In mammals, epigenetic modifications involving DNA methylation are necessary for the completion of the cell differentiation process. However, the global DNA methylation landscape and its dynamics during yak adipocyte differentiation remain unexplored. Here, we performed whole-genome bisulfite sequencing (WGBS) to asses DNA methylation in yak preadipocytes and adipocytes, combining these results with those of our previous studies on changes in chromatin accessibility and gene expression during yak adipogenesis. The results showed that CG methylation levels were lower in promoter than in exon and intron, and gradually decreasing from the distal regions to transcription start site (TSS). There was a significant negative correlation between CG methylation levels located in promoter and gene expression levels.
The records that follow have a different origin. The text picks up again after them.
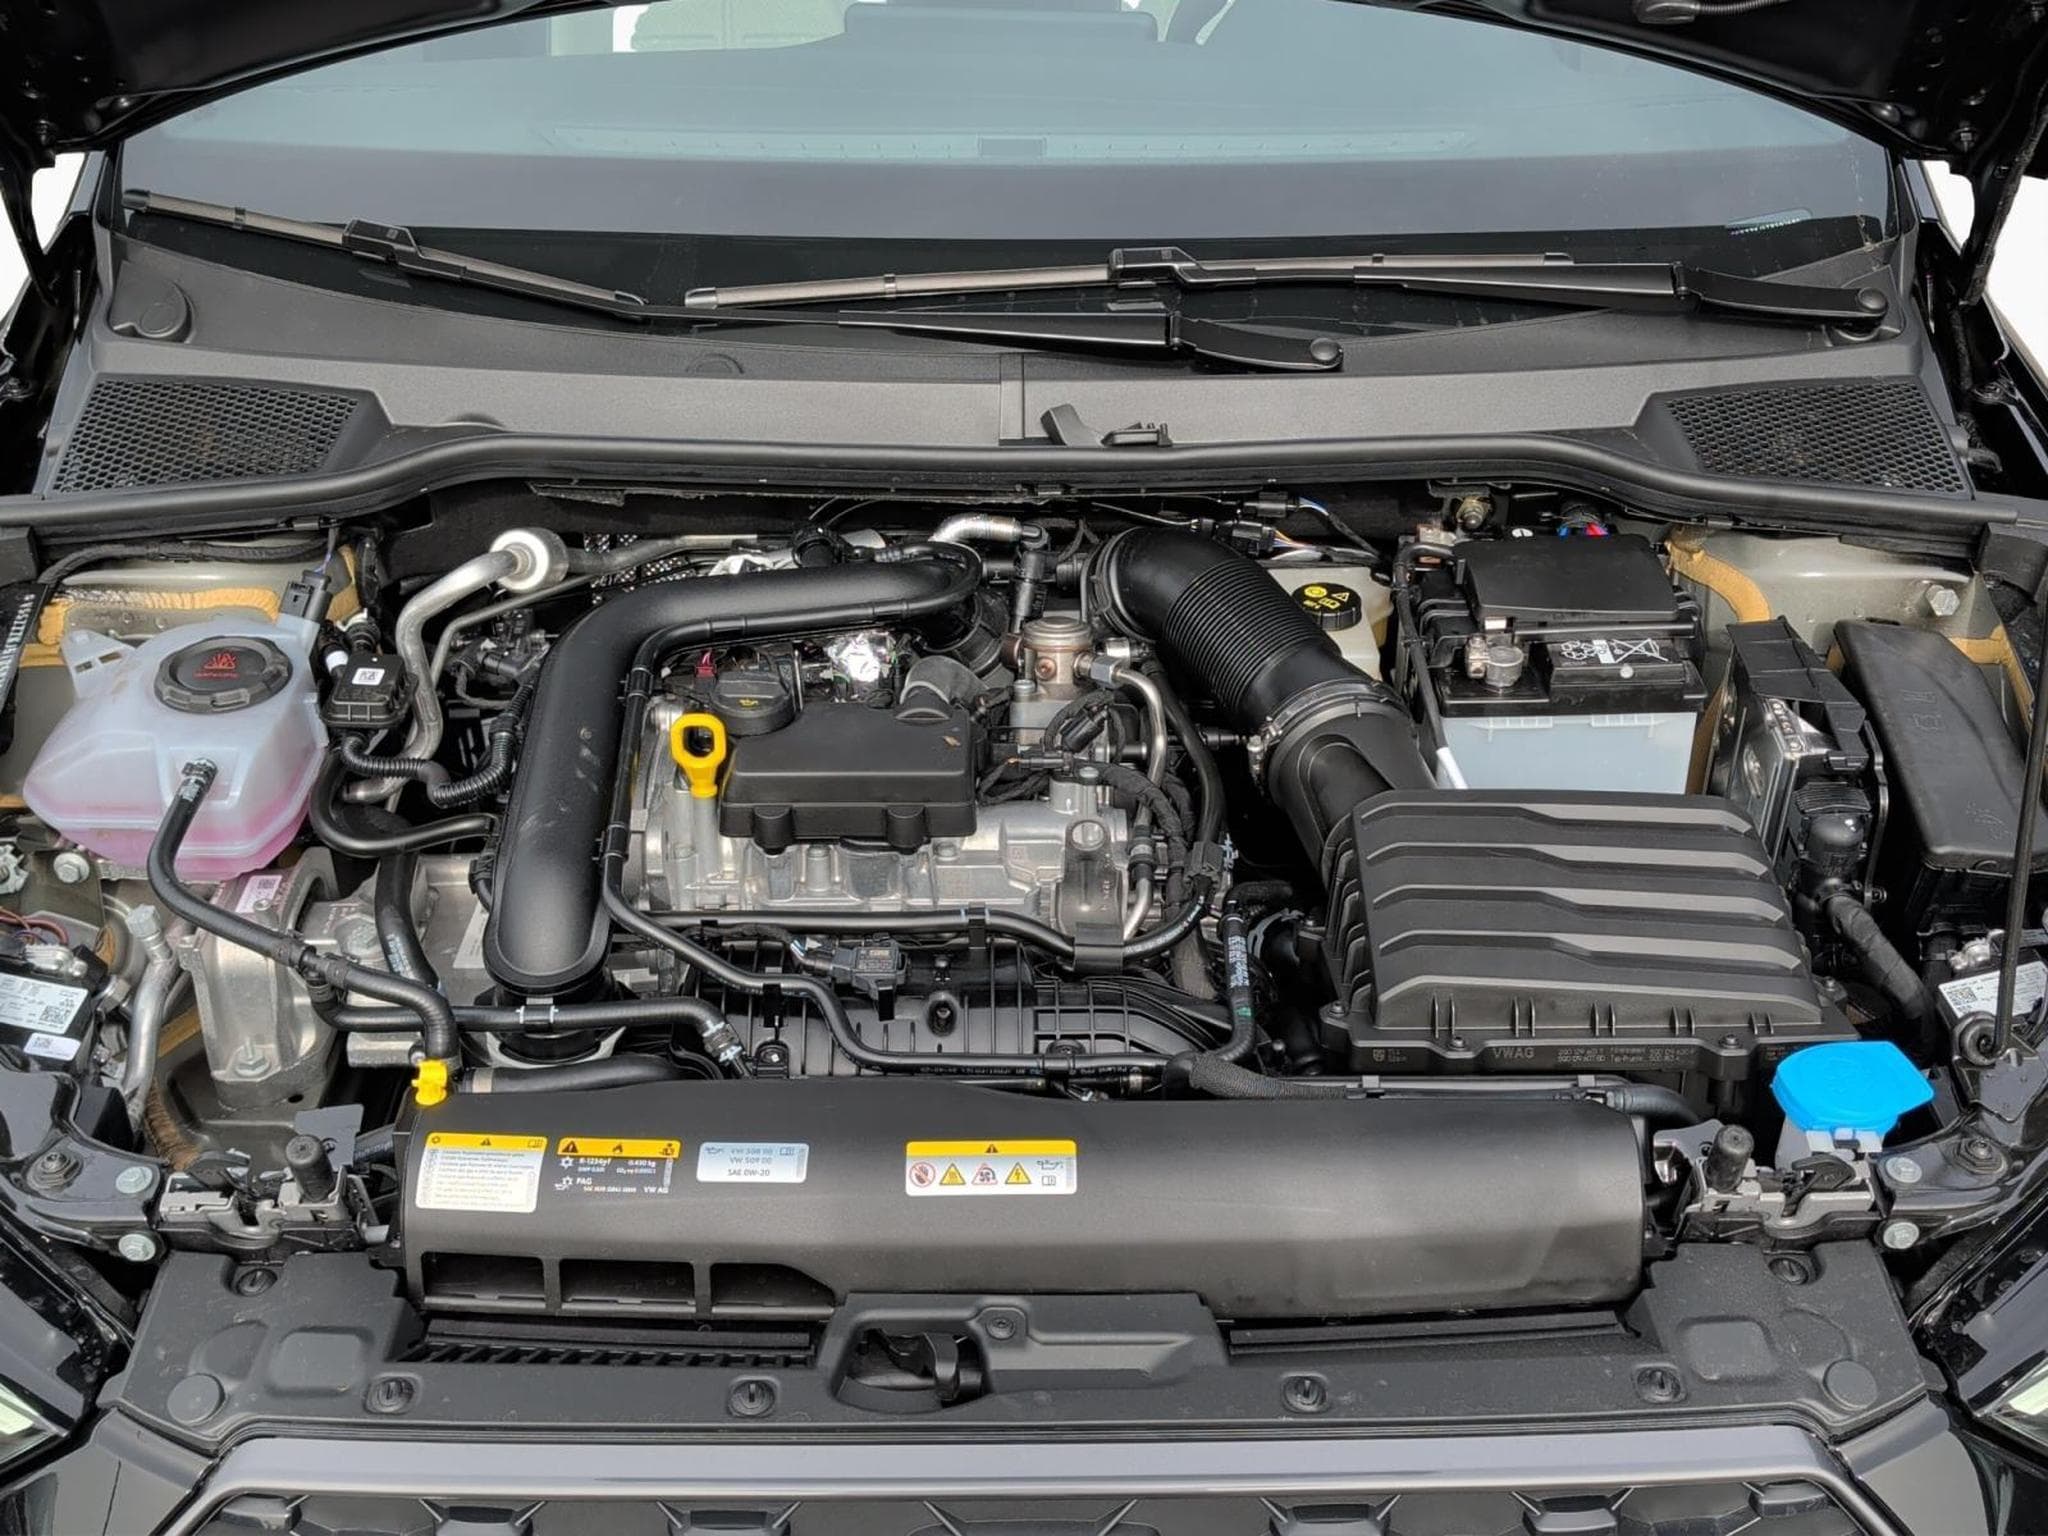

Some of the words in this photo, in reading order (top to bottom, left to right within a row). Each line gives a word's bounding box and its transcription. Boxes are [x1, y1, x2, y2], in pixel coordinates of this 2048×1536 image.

[1492, 1047, 1535, 1059] VWAG
[729, 1157, 743, 1165] VW
[727, 1169, 741, 1177] SAE
[743, 1169, 770, 1177] 0W-20
[576, 1177, 592, 1185] PAG
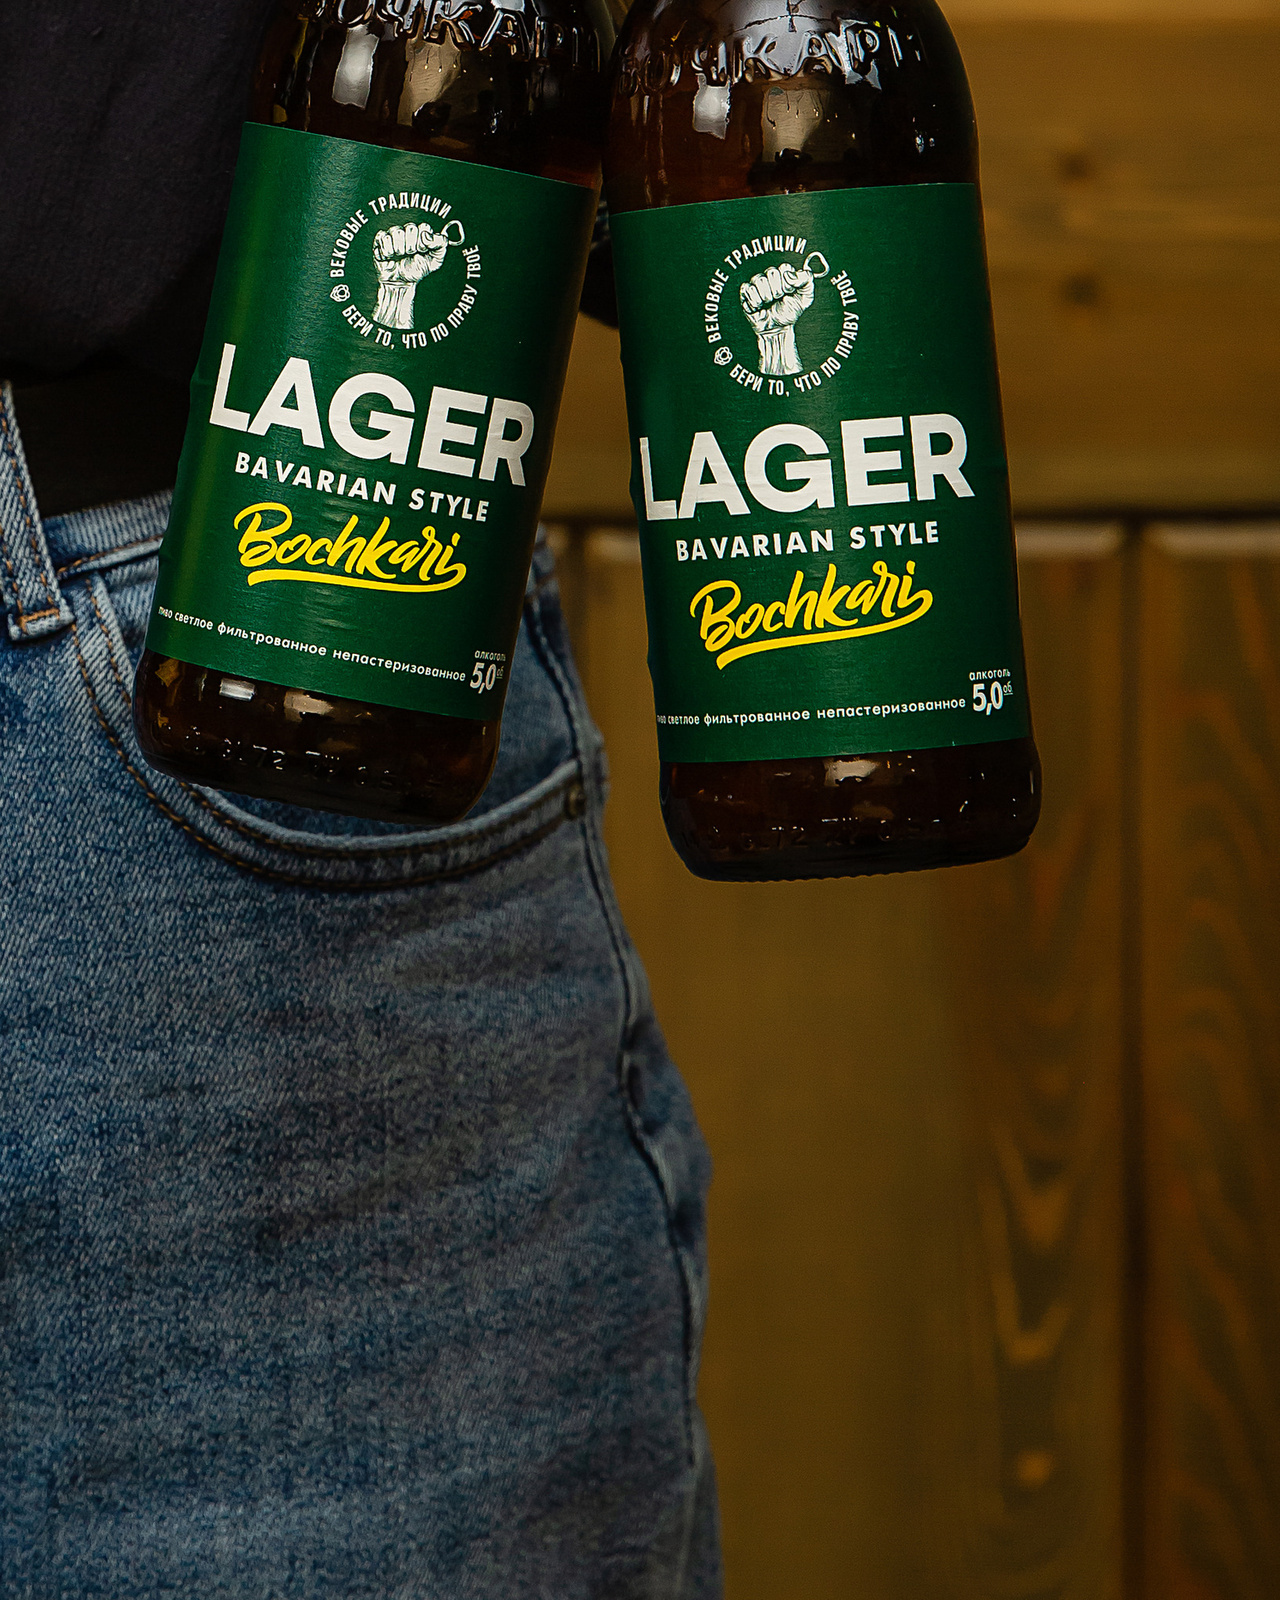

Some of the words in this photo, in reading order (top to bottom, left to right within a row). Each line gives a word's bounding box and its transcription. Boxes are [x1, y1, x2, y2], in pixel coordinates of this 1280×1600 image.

[329, 209, 369, 278] ВЕКОВЫЕ
[368, 192, 452, 219] ТРАДИЦИИ
[462, 245, 482, 279] ТВОЁ
[704, 269, 729, 344] ВЕКОВЫЕ
[724, 235, 807, 270] ТРАДИЦИИ
[830, 270, 857, 307] ТВОЁ
[342, 304, 374, 337] БЕРИ
[447, 284, 478, 328] ПРАВУ
[375, 328, 395, 349] ТО,
[401, 334, 427, 349] ЧТО
[430, 322, 449, 343] ПО
[834, 311, 859, 358] ПРАВУ
[729, 363, 764, 393] БЕРИ
[794, 371, 821, 393] ЧТО
[820, 356, 842, 379] ПО
[768, 379, 790, 397] ТО,
[209, 343, 535, 487] LAGER
[639, 413, 975, 521] LAGER
[234, 451, 397, 505] BAVARIAN
[409, 488, 489, 523] STYLE
[233, 502, 467, 593] Bochkari
[676, 529, 834, 562] BAVARIAN
[849, 521, 939, 550] STYLE
[689, 560, 933, 670] Bochkari
[174, 611, 214, 630] светлое
[217, 621, 327, 657] фильтрованное
[332, 648, 466, 682] непастеризованное
[469, 662, 497, 694] 5,0
[969, 669, 1011, 681] алкоголь
[668, 714, 700, 725] светлое
[703, 709, 811, 727] фильтрованное
[816, 697, 966, 719] непастеризованное
[972, 681, 1004, 715] 5,0
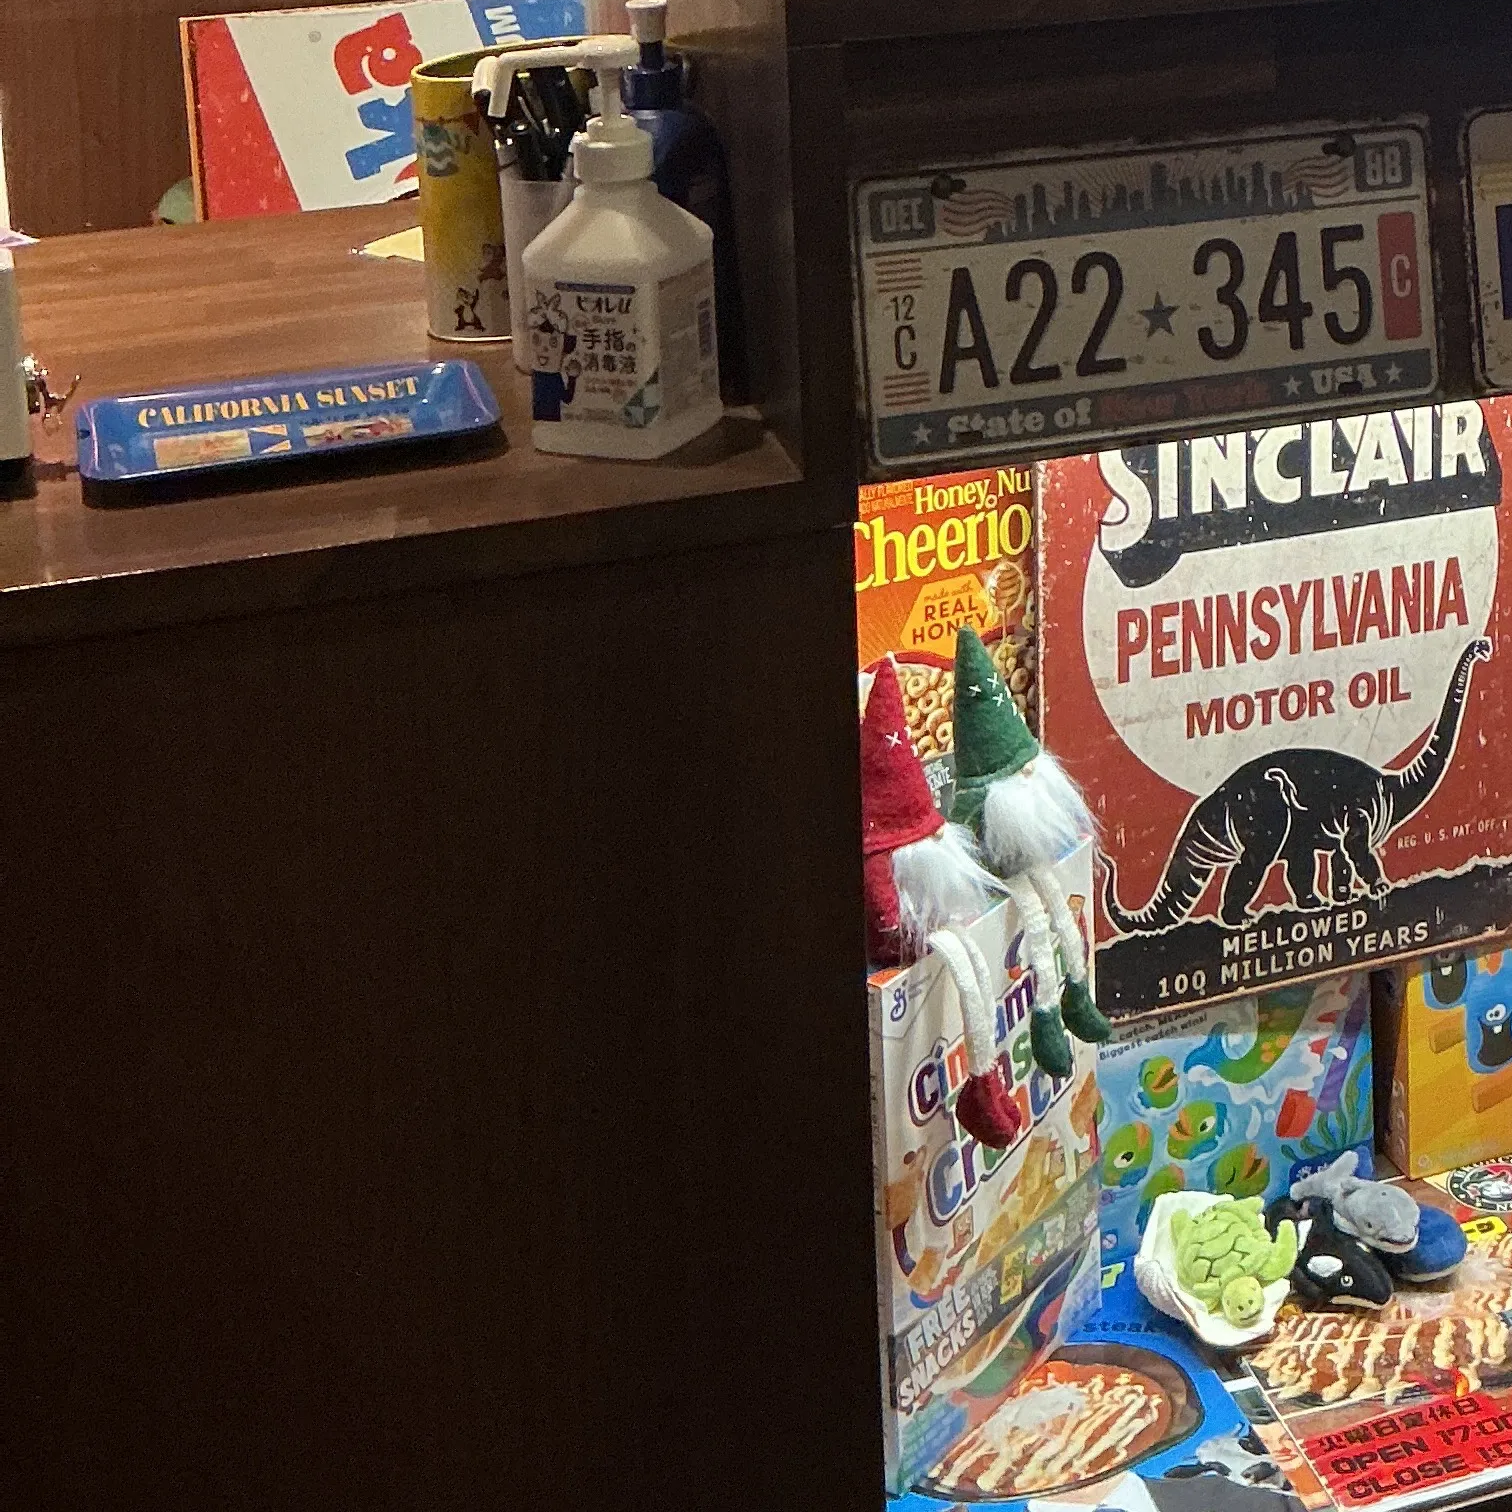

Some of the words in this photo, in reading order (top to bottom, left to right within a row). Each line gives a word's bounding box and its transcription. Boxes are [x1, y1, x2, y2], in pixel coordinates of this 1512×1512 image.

The 46 genes shared by CG differentially methylated regions (DMRs) and differential chromatin accessibility were significantly enriched in Hedgehog and PI3K-Akt signaling pathways. ATAC-seq peaks with high chromatin accessibility located in both promoter (≤ 2 kb from TSS) and distal (> 2 kb from TSS) regions corresponded to low methylation levels. Taken together, these findings demonstrated that DNA methylation and its interactions with chromatin accessibility regulate gene expression during yak adipocyte differentiation, contributing to the understanding of mechanisms of various epigenetic modifications and their interactions in adipogenesis.